Exercise details: Keep the text of the data exactly as it is and omit each picture from the copy.

Data records:
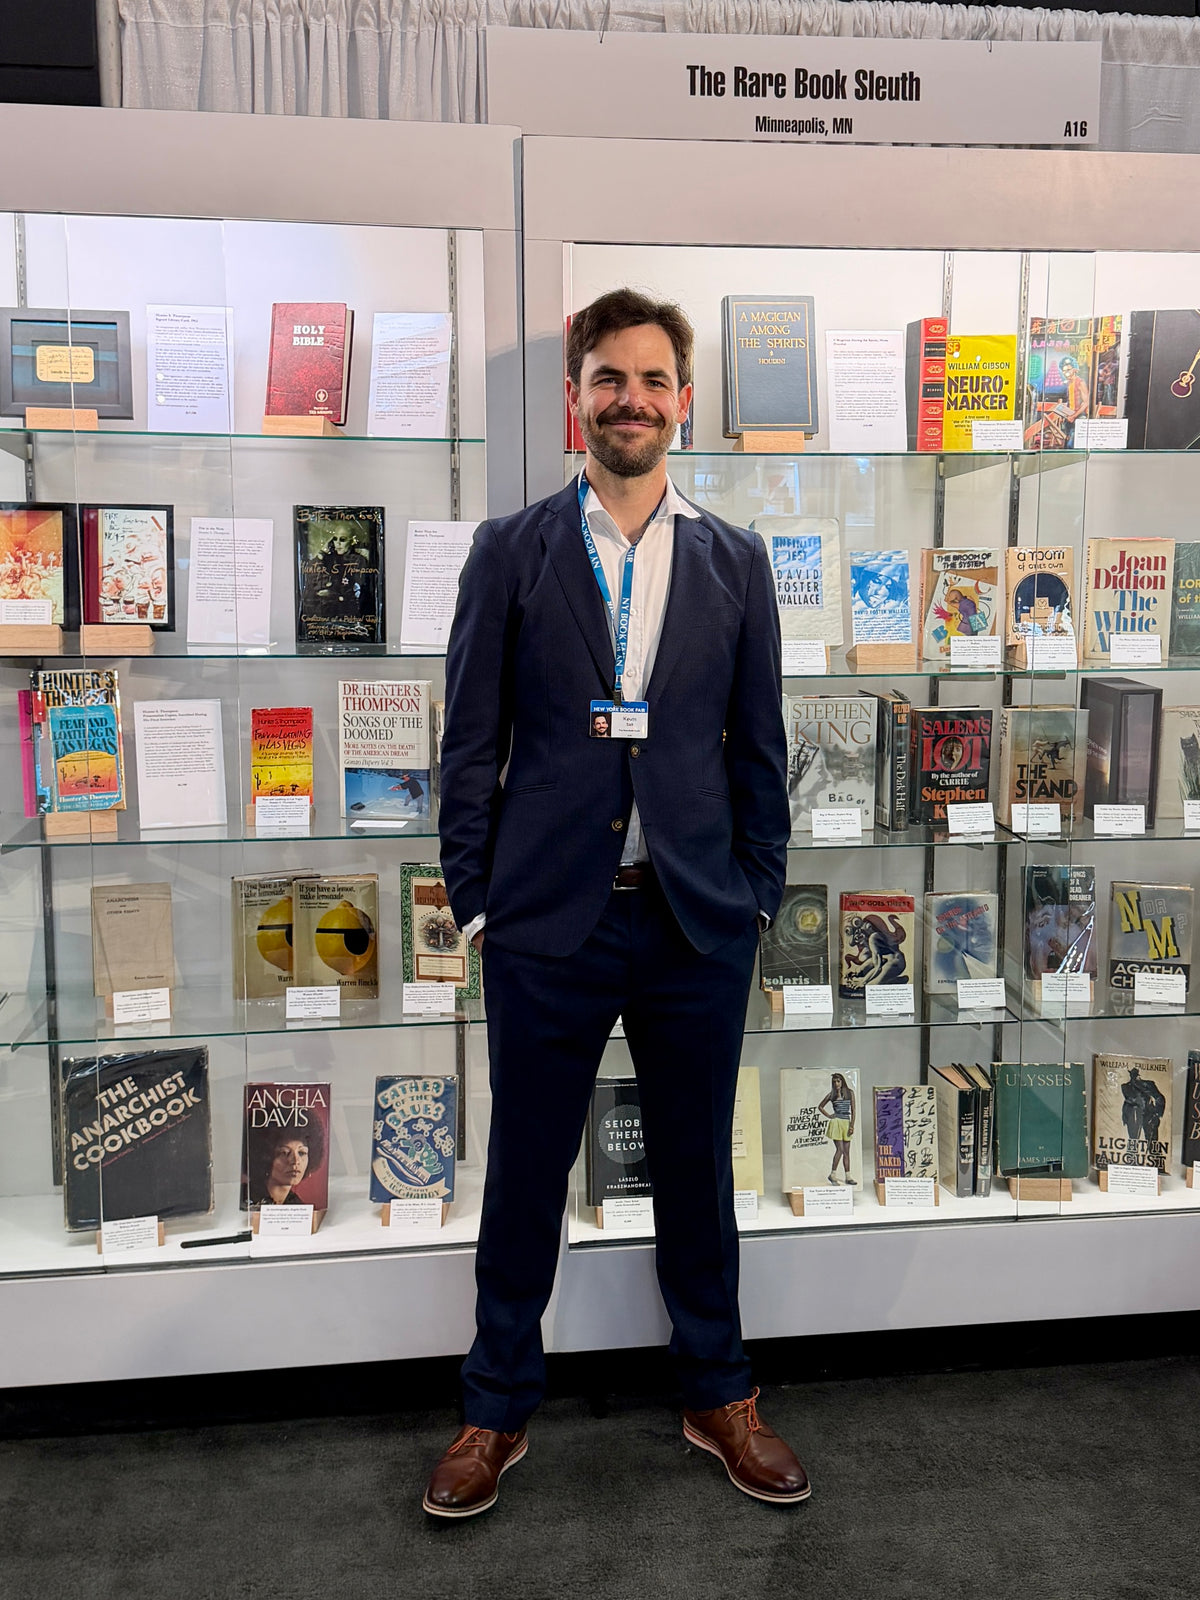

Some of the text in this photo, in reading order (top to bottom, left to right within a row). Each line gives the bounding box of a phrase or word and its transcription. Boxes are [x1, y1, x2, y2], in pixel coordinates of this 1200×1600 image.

[686, 65, 921, 102] The Rare Book Sleuth
[755, 115, 853, 136] Minneapolis, MN
[1064, 121, 1088, 137] A16
[739, 311, 801, 322] A MAGICIAN
[293, 325, 326, 335] HOLY
[750, 325, 790, 335] AMONG
[292, 336, 324, 346] BIBLE
[738, 338, 806, 349] THE SPIRITS
[982, 362, 1010, 370] GIBSON
[947, 375, 1009, 394] NEURO-
[946, 394, 1008, 411] MANCER
[787, 551, 807, 561] JEST
[1111, 551, 1166, 574] Joan
[958, 561, 985, 569] SYSTEM
[777, 569, 819, 579] DAVID
[1094, 568, 1165, 590] Didion
[778, 582, 819, 592] FOSTER
[778, 594, 820, 605] WALLACE
[1114, 591, 1158, 611] The
[1179, 594, 1191, 603] of
[620, 598, 629, 639] NY BOOK
[1094, 611, 1157, 632] White
[43, 671, 114, 690] HUNTER S
[343, 684, 421, 696] DR. HUNTER S.
[343, 697, 420, 712] THOMPSON
[793, 704, 872, 719] STEPHEN
[59, 717, 108, 730] FEAR AND
[343, 713, 422, 728] SONGS OF THE
[53, 726, 115, 740] LOATHING IN
[344, 729, 393, 740] DOOMED
[794, 721, 872, 744] KING
[54, 738, 118, 756] LAS VEGAS
[921, 735, 989, 772] LOT
[1017, 764, 1047, 780] THE
[921, 786, 985, 803] Stephen
[1016, 779, 1078, 798] STAND
[829, 793, 853, 802] BAG
[259, 881, 272, 889] have
[317, 884, 330, 892] have
[258, 889, 285, 897] lemonade
[1116, 890, 1167, 934] N OR
[1142, 916, 1180, 960] M
[1114, 963, 1185, 975] AGATHA
[766, 976, 810, 985] solaris
[1101, 1060, 1167, 1072] WILLIAM FAULKNER
[1006, 1074, 1072, 1086] ULYSSES
[95, 1075, 139, 1109] THE
[248, 1088, 327, 1109] ANGELA
[379, 1079, 443, 1106] FATHER
[395, 1099, 405, 1108] OF
[70, 1070, 187, 1151] ANARCHIST
[388, 1103, 441, 1126] BLUES
[800, 1107, 817, 1115] FAST
[251, 1107, 309, 1128] DAVIS
[789, 1114, 821, 1124] TIMES AT
[73, 1086, 202, 1171] COOKBOOK
[787, 1120, 828, 1132] RIDGEMONT
[808, 1128, 826, 1136] HIGH
[879, 1146, 893, 1155] THE
[1099, 1137, 1168, 1154] LIGHT IN
[879, 1157, 901, 1166] NAKED
[1097, 1151, 1166, 1168] AUGUST
[879, 1169, 901, 1178] LUNCH
[405, 1189, 440, 1199] HANDY

Result:
Some of the text in this photo, in reading order (top to bottom, left to right within a row). Each line gives the bounding box of a phrase or word and its transcription. Boxes are [x1, y1, x2, y2], in pixel coordinates of this 1200×1600 image.

[686, 65, 921, 102] The Rare Book Sleuth
[755, 115, 853, 136] Minneapolis, MN
[1064, 121, 1088, 137] A16
[739, 311, 801, 322] A MAGICIAN
[293, 325, 326, 335] HOLY
[750, 325, 790, 335] AMONG
[292, 336, 324, 346] BIBLE
[738, 338, 806, 349] THE SPIRITS
[982, 362, 1010, 370] GIBSON
[947, 375, 1009, 394] NEURO-
[946, 394, 1008, 411] MANCER
[787, 551, 807, 561] JEST
[1111, 551, 1166, 574] Joan
[958, 561, 985, 569] SYSTEM
[777, 569, 819, 579] DAVID
[1094, 568, 1165, 590] Didion
[778, 582, 819, 592] FOSTER
[778, 594, 820, 605] WALLACE
[1114, 591, 1158, 611] The
[1179, 594, 1191, 603] of
[620, 598, 629, 639] NY BOOK
[1094, 611, 1157, 632] White
[43, 671, 114, 690] HUNTER S
[343, 684, 421, 696] DR. HUNTER S.
[343, 697, 420, 712] THOMPSON
[793, 704, 872, 719] STEPHEN
[59, 717, 108, 730] FEAR AND
[343, 713, 422, 728] SONGS OF THE
[53, 726, 115, 740] LOATHING IN
[344, 729, 393, 740] DOOMED
[794, 721, 872, 744] KING
[54, 738, 118, 756] LAS VEGAS
[921, 735, 989, 772] LOT
[1017, 764, 1047, 780] THE
[921, 786, 985, 803] Stephen
[1016, 779, 1078, 798] STAND
[829, 793, 853, 802] BAG
[259, 881, 272, 889] have
[317, 884, 330, 892] have
[258, 889, 285, 897] lemonade
[1116, 890, 1167, 934] N OR
[1142, 916, 1180, 960] M
[1114, 963, 1185, 975] AGATHA
[766, 976, 810, 985] solaris
[1101, 1060, 1167, 1072] WILLIAM FAULKNER
[1006, 1074, 1072, 1086] ULYSSES
[95, 1075, 139, 1109] THE
[248, 1088, 327, 1109] ANGELA
[379, 1079, 443, 1106] FATHER
[395, 1099, 405, 1108] OF
[70, 1070, 187, 1151] ANARCHIST
[388, 1103, 441, 1126] BLUES
[800, 1107, 817, 1115] FAST
[251, 1107, 309, 1128] DAVIS
[789, 1114, 821, 1124] TIMES AT
[73, 1086, 202, 1171] COOKBOOK
[787, 1120, 828, 1132] RIDGEMONT
[808, 1128, 826, 1136] HIGH
[879, 1146, 893, 1155] THE
[1099, 1137, 1168, 1154] LIGHT IN
[879, 1157, 901, 1166] NAKED
[1097, 1151, 1166, 1168] AUGUST
[879, 1169, 901, 1178] LUNCH
[405, 1189, 440, 1199] HANDY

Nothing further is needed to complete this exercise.